Il faut le dire d’emblée, l’ouvrage ici recensé apparait d’une richesse documentaire et conceptuelle comme d’une minutie dans l’exploration des œuvres complètes anglophones de John Dewey qui décourage d’emblée la démarche consistant à prétendre en rendre compte en détail dans l’espace de texte dont nous disposons ici. Nous prenons donc le parti de nous en tenir dans un premier moment de la présente recension à une présentation assez factuelle et ramassée de la structure de l’ouvrage comme de son attention, et de consacrer dans un second moment de notre texte un volume de texte substantiel à proposer deux pistes de mise en perspective et en relief des apports originaux de ces pages que, on l’aura compris, nous ne pouvons qu’encourager le lectorat à parcourir en détail.
L’ouvrage s’ouvre par une préface de Normand Baillargeon, sans doute la figure la plus identifiée de la philosophie de l’éducation au Québec, en raison en particulier de sa forte présence médiatique comme éditoriale, sur laquelle nous aurons l’occasion de revenir brièvement ci-après dans la discussion.

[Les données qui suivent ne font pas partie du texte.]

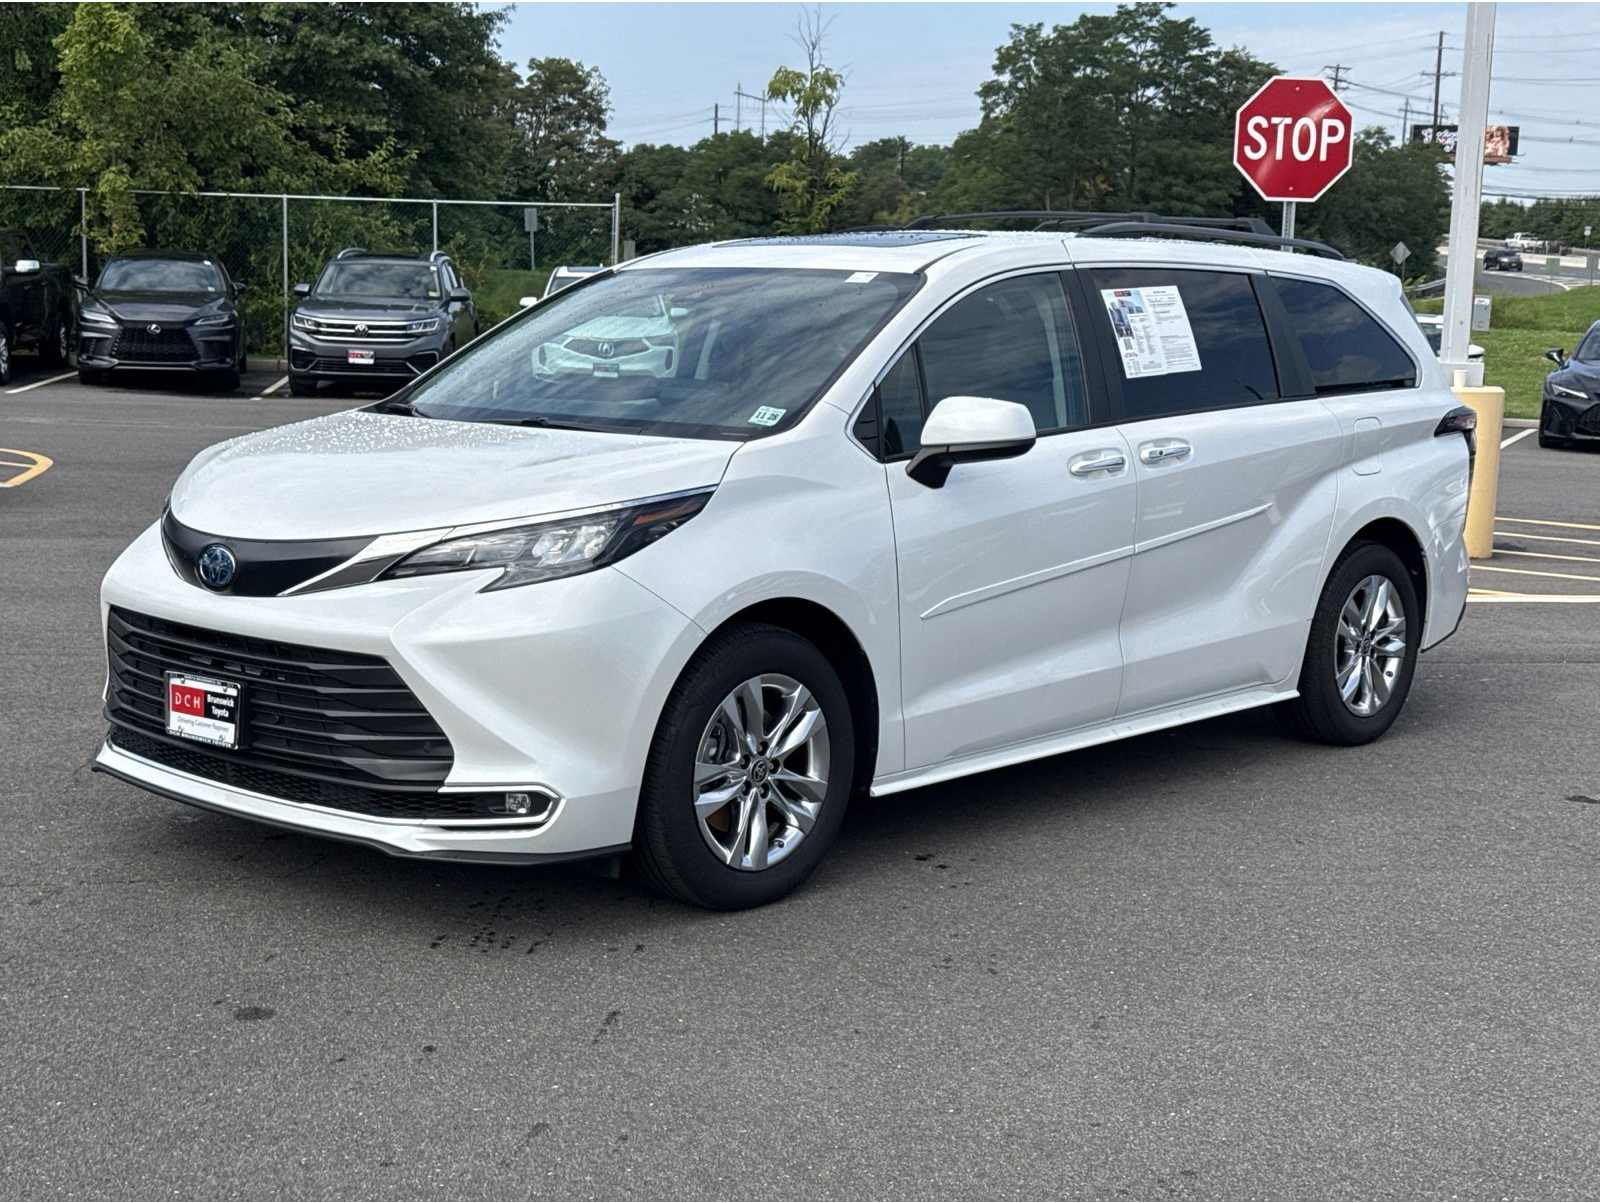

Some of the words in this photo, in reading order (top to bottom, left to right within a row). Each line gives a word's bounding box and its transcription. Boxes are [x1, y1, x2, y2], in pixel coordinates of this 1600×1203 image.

[1243, 115, 1345, 162] STOP
[175, 692, 201, 709] DCH
[211, 705, 229, 718] Toyota
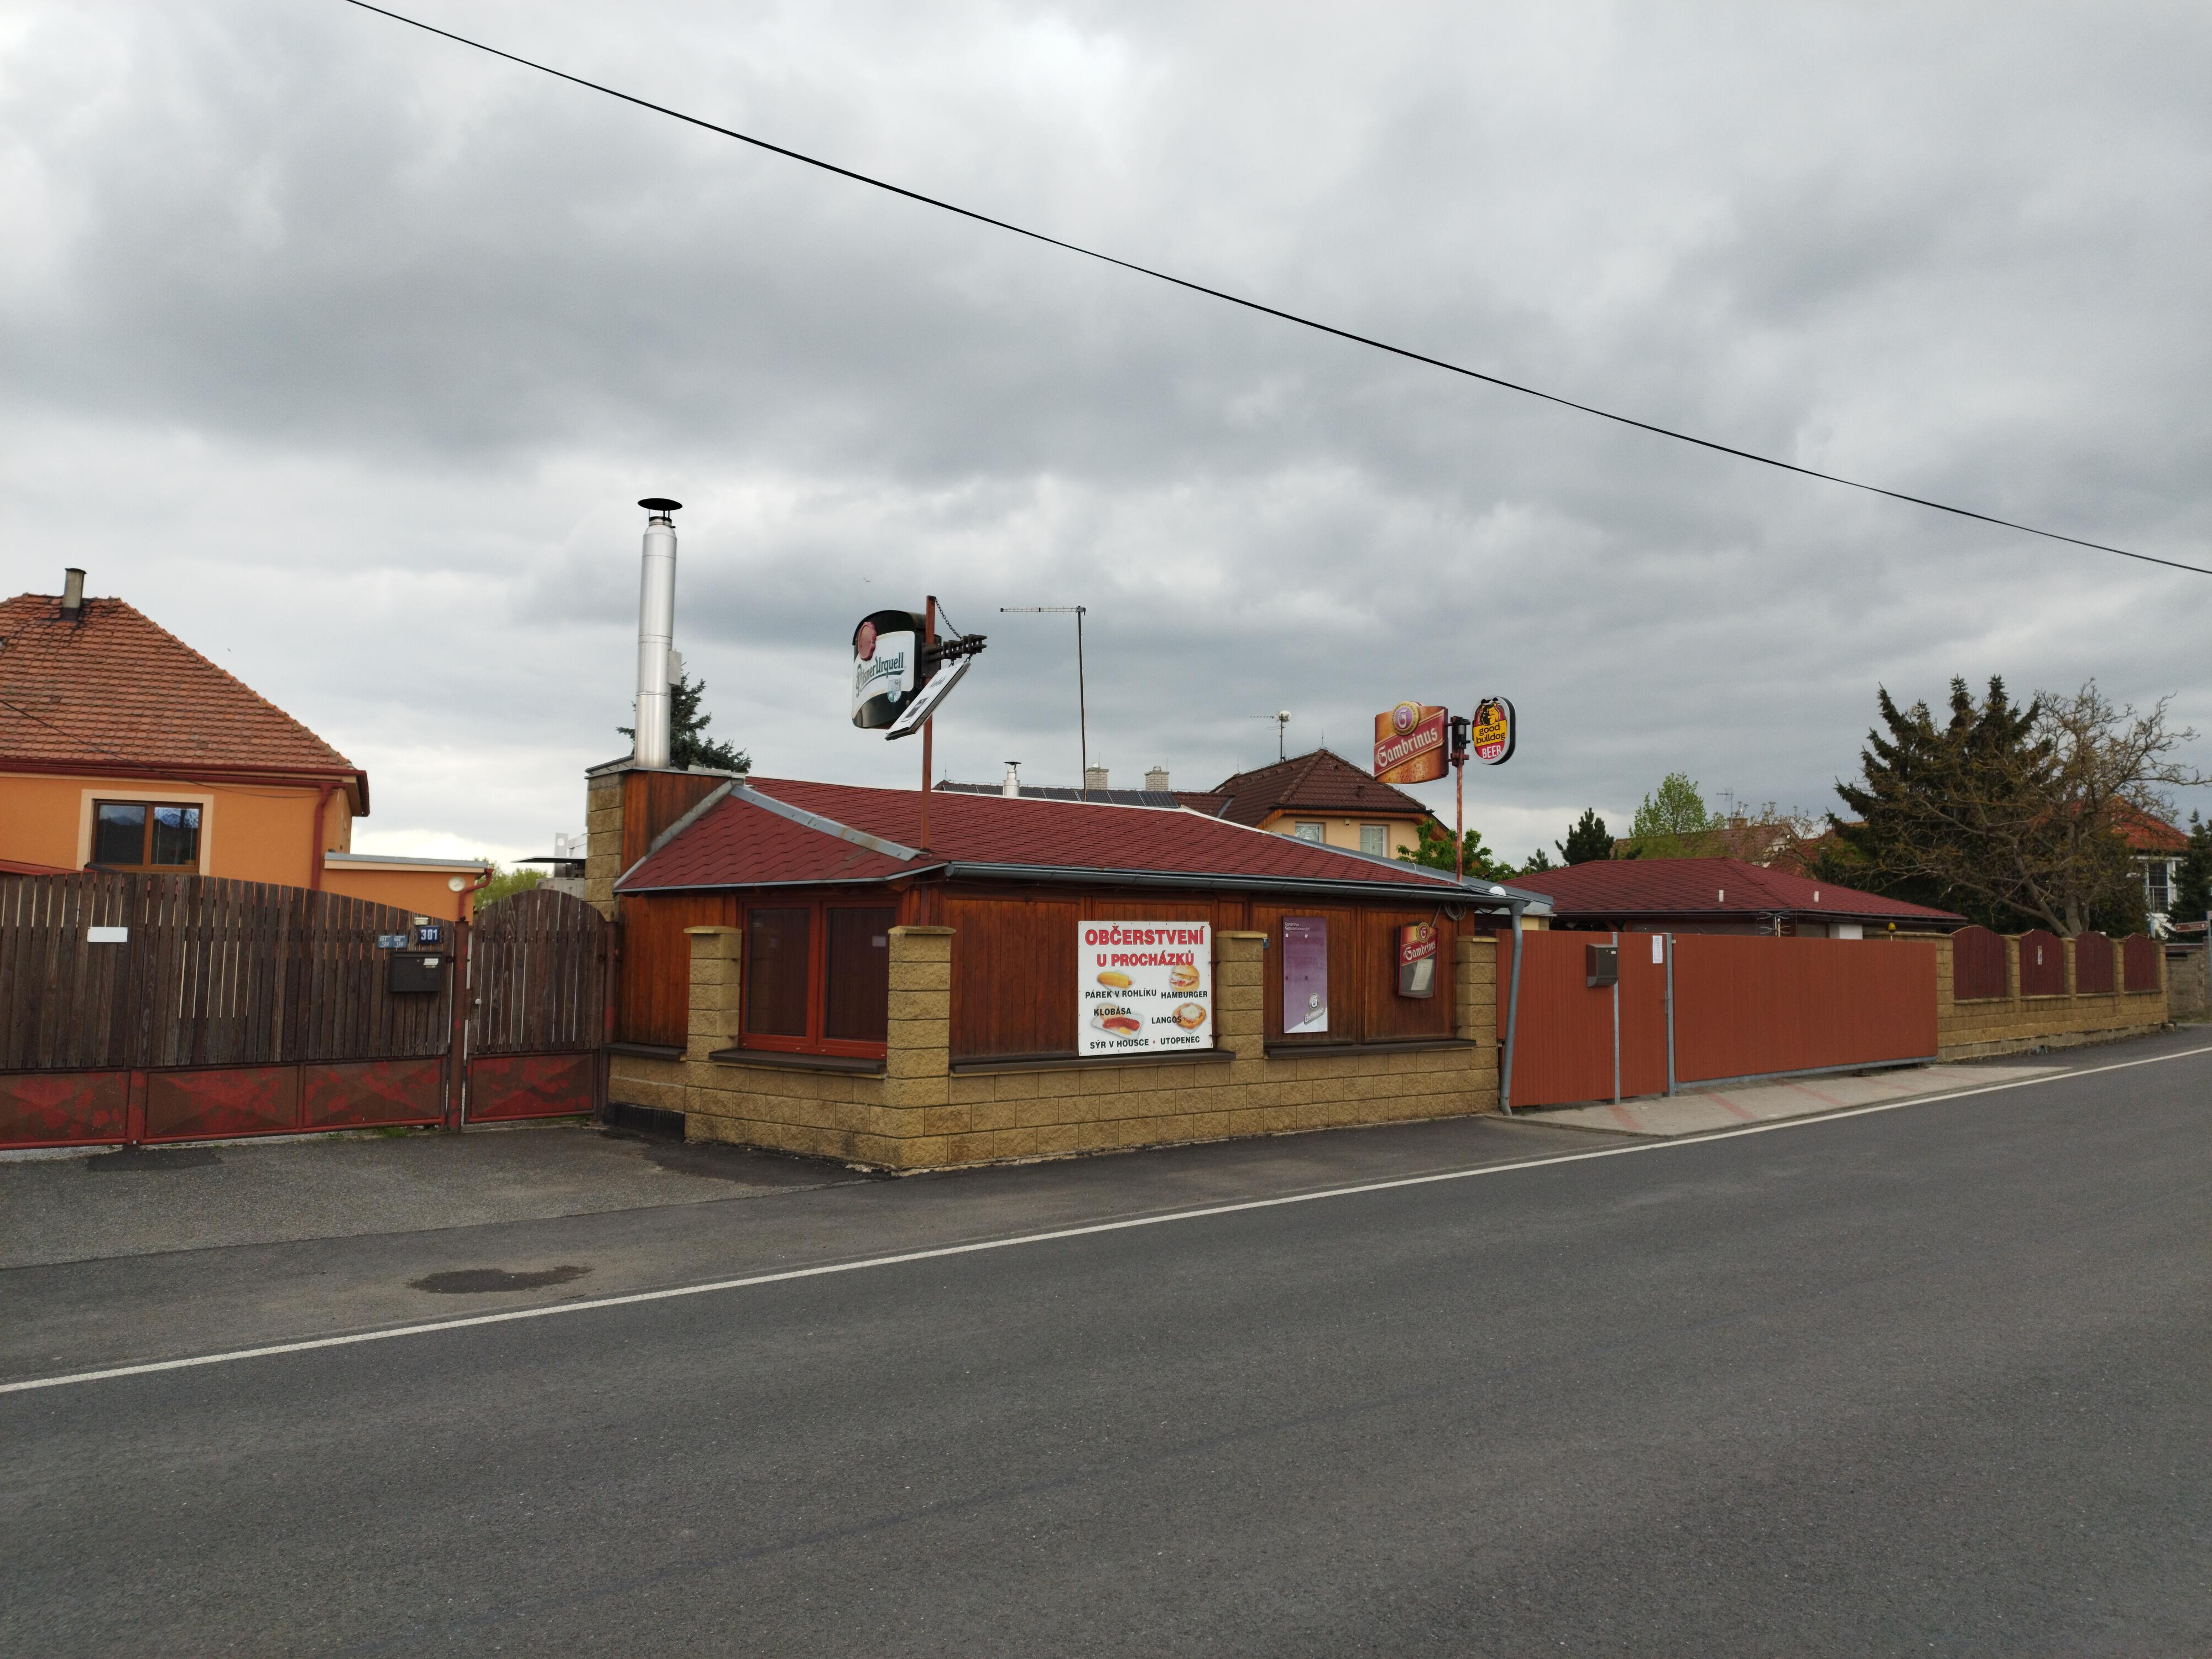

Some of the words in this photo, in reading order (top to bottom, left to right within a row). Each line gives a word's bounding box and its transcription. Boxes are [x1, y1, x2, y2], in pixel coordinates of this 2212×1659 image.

[856, 664, 876, 697] Pilsner
[875, 653, 904, 679] Urquell
[1479, 722, 1500, 736] good
[1475, 732, 1505, 744] bulldog
[1375, 728, 1438, 768] Gambrinus
[1481, 745, 1501, 759] BEER
[421, 928, 437, 940] 301
[1084, 925, 1205, 946] OBČERSTVENÍ
[1403, 940, 1436, 961] Gambrinus
[1097, 954, 1107, 967] U
[1111, 950, 1194, 967] PROCHÁZKŮ
[1085, 989, 1112, 999] PÁREK
[1122, 988, 1157, 998] ROHLÍKU
[1093, 1006, 1131, 1016] KLOBÁSA
[1151, 1016, 1182, 1024] LANGOŠ
[1090, 1040, 1106, 1049] SÝR
[1117, 1039, 1149, 1047] HOUSCE
[1160, 1036, 1200, 1045] UTOPENEC

L’introduction (p. 1-24) permet à Point de préciser l’“objet philosophique central” (p. 6) de son ouvrage, à savoir de dégager et d’affiner un “projet [d’]université pragmatiste”. Il convoque pour cela trois ressources théoriques majeures, “la philosophique politique [,] la philosophie de l’éducation [et] l’épistémologie” (p. 8°), et étudie plus spécifiquement des cas historiques concrets relevant de “l’institution universitaire américaine, à partir de 1876 et jusqu’en 1945” (p. 15). On peut dire ici que l’histoire sert à mieux penser le présent, quand l’actualité et la vitalité du courant pragmatiste des deux côtés de l’Atlantique sert à mieux tirer les leçons des manifestations historiques du “”projet politico-éducatif” de John Dewey” (p. 22).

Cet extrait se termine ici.